The question is what should a commercial occupier focus on to improve their lease arrangements?  At LPC we focus our efforts on negotiating improvements from the tenant’s perspective in relation to cost, risk, flexibility, obligations and guarantees.  These 5 areas help us analyse what is most important to the client and their business, and this analysis provides the guiderails for our negotiations.  As always, the ‘devil is in the detail’.  The items that we give detailed attention to in most instances include the valuation terms that govern the rental if an ‘option to renew’ is exercised, the obligations of the property owner relating to matters that make the premises work for the tenant, the ability to exit or to contract or to expand the tenancy, and the tenant rights related to usage and modification of the premises. The impacts for the lessee of an improved landing point in these areas is significant.

Conclusion

In summary, our negotiations are underpinned by the concept that a tenant is ‘buying utilisation’ of the premises via the lease. In this regard we seek property owner guarantees that the attributes that made the premises the preferred choice initially will be sustained, and we seek provisions that amend the occupancy cost when utilisation is impaired for reasons beyond the tenant’s control.  

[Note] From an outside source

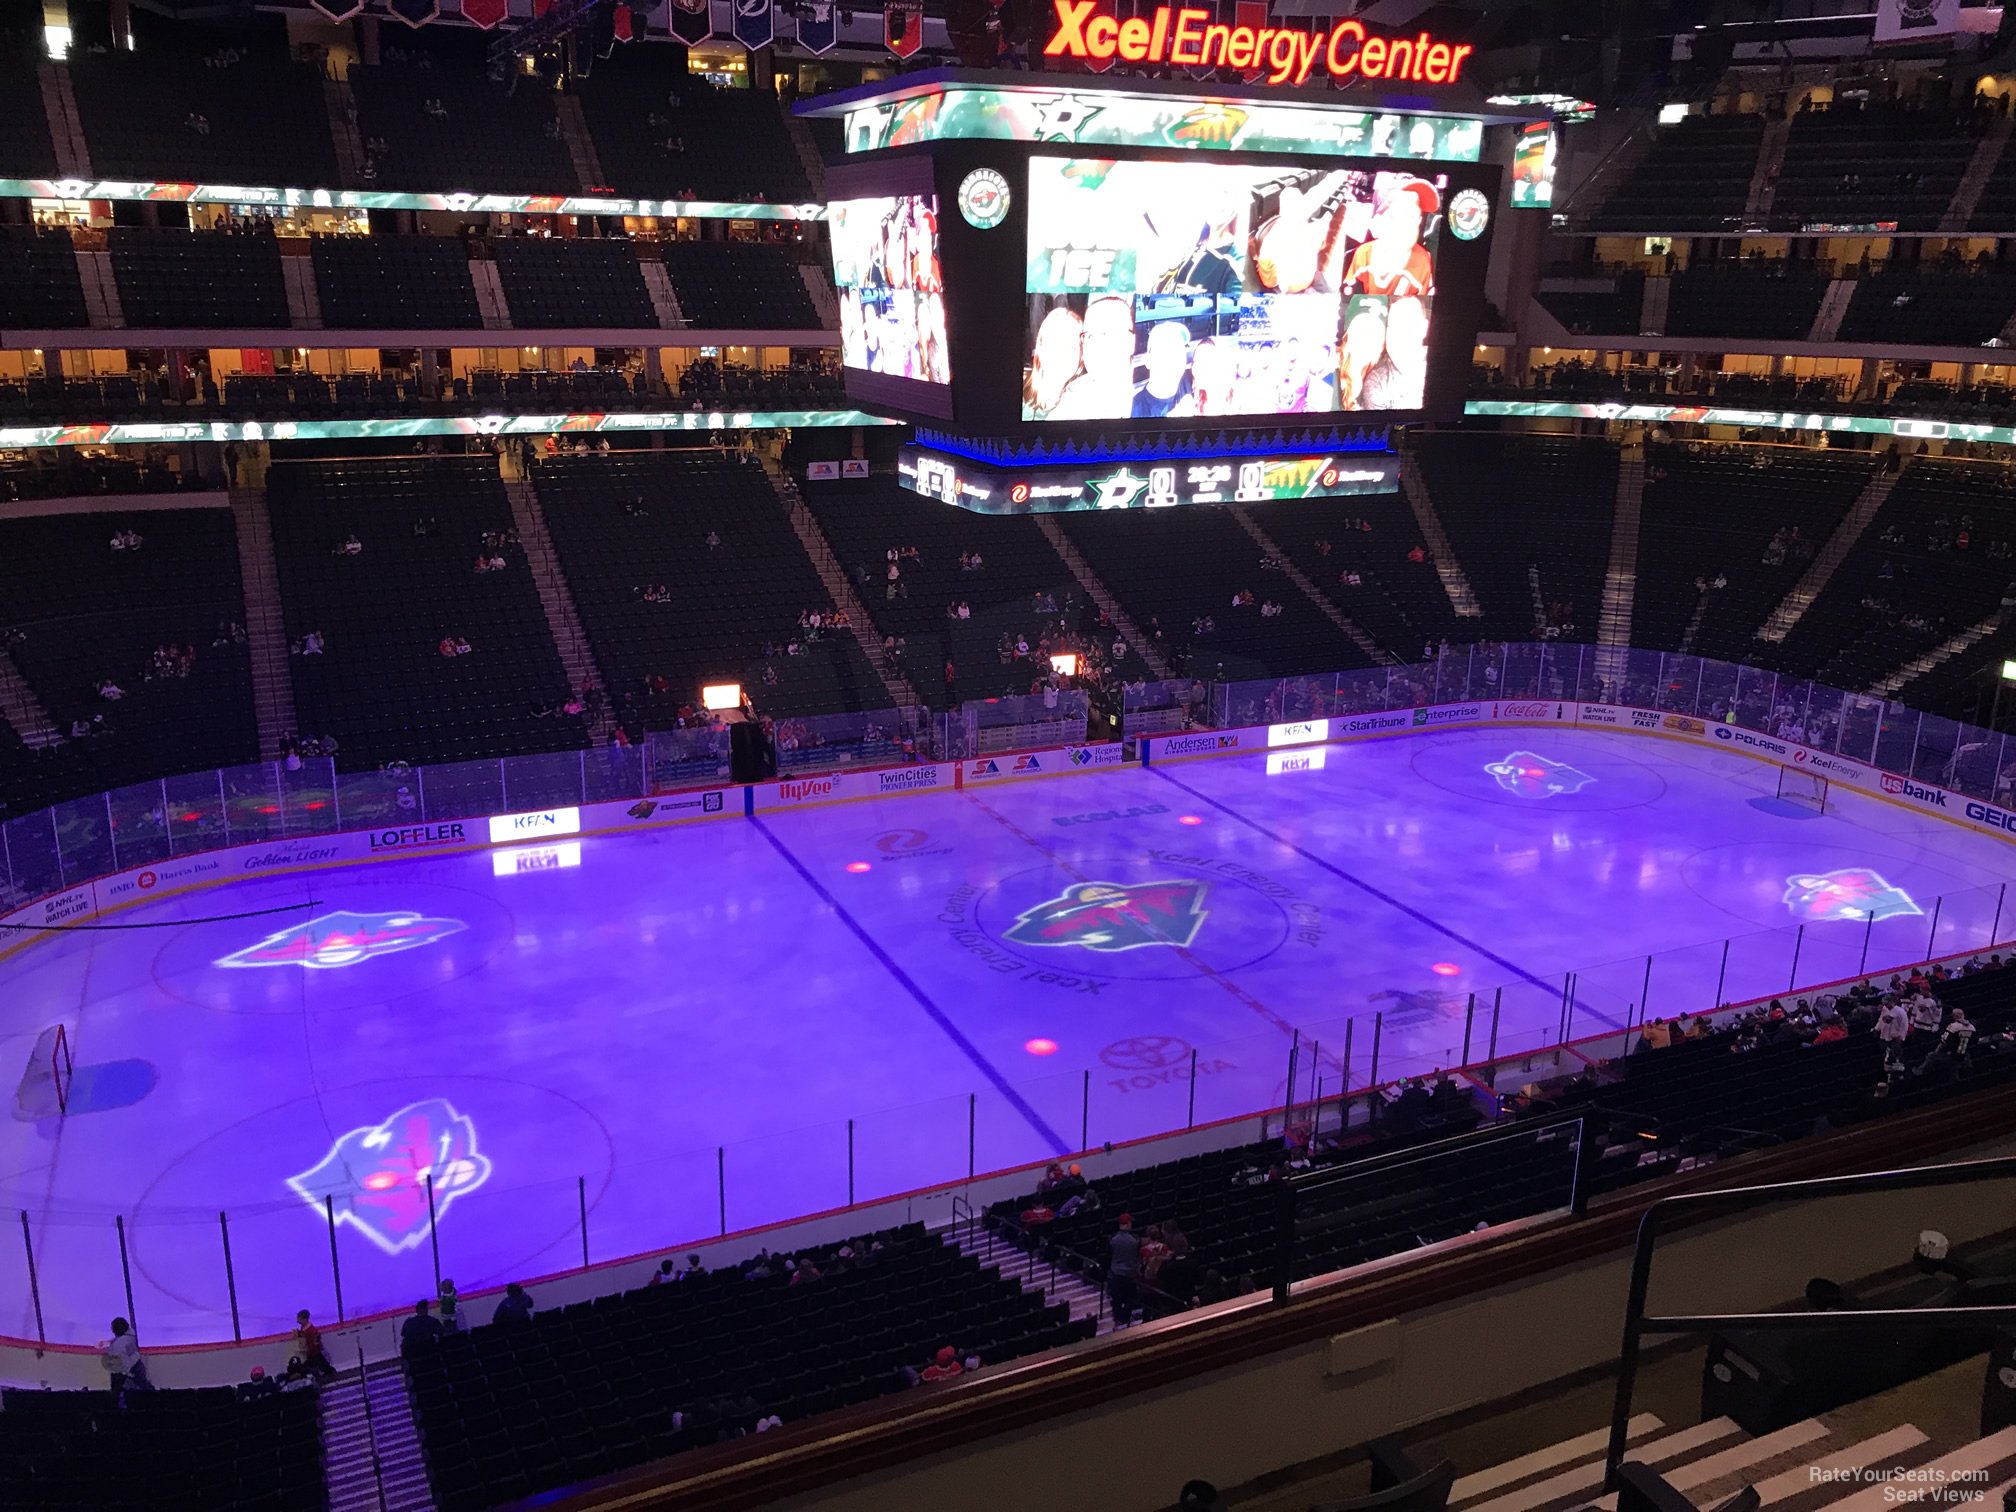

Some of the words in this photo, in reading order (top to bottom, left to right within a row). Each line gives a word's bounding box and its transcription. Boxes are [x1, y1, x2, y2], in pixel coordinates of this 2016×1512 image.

Look out for the next article in this series and all the best as you navigate the pandemic.

About LPC & the LPC subscription service

LPC provides office, retail, and industrial occupiers with advice and services that make a difference to their accommodation arrangements and respective businesses.  With no ties to investor property owners or leasing agents we only represent occupiers, and our advice is free from any conflict of interest that would disadvantage an occupier. Our single purpose is to help commercial occupiers optimise their accommodation and tenancy arrangements. You will find the LPC subscription service most useful when it comes to identifying key terms for renegotiation and getting to the lease you deserve. 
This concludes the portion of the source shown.